> [Brief] Word for word, restate every line from the one with "this 2048×1536 image." through the end of the records below, both included, and add nothing.

··· Data extract ···

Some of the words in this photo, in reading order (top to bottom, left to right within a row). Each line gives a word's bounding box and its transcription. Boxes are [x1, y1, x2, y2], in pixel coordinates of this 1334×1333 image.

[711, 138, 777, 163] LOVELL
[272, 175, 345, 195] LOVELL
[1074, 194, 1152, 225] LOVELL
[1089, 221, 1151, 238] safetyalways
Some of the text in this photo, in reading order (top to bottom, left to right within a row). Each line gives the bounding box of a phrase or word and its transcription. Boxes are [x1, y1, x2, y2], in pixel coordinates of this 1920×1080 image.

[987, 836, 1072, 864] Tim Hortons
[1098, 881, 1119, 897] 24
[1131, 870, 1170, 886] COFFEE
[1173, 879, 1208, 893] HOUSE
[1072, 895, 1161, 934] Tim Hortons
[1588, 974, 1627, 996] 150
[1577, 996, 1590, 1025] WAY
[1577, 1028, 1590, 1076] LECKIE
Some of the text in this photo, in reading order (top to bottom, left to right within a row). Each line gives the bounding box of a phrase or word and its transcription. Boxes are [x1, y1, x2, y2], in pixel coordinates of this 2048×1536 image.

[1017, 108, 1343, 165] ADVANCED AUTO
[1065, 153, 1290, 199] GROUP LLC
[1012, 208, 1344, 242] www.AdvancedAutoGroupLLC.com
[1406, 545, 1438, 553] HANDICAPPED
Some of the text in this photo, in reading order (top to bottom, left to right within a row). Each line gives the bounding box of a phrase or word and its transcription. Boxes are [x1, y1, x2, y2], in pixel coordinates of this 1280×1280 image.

···

> [Exercise response]
Some of the text in this photo, in reading order (top to bottom, left to right within a row). Each line gives the bounding box of a phrase or word and its transcription. Boxes are [x1, y1, x2, y2], in pixel coordinates of this 2048×1536 image.

[1017, 108, 1343, 165] ADVANCED AUTO
[1065, 153, 1290, 199] GROUP LLC
[1012, 208, 1344, 242] www.AdvancedAutoGroupLLC.com
[1406, 545, 1438, 553] HANDICAPPED
Some of the text in this photo, in reading order (top to bottom, left to right within a row). Each line gives the bounding box of a phrase or word and its transcription. Boxes are [x1, y1, x2, y2], in pixel coordinates of this 1280×1280 image.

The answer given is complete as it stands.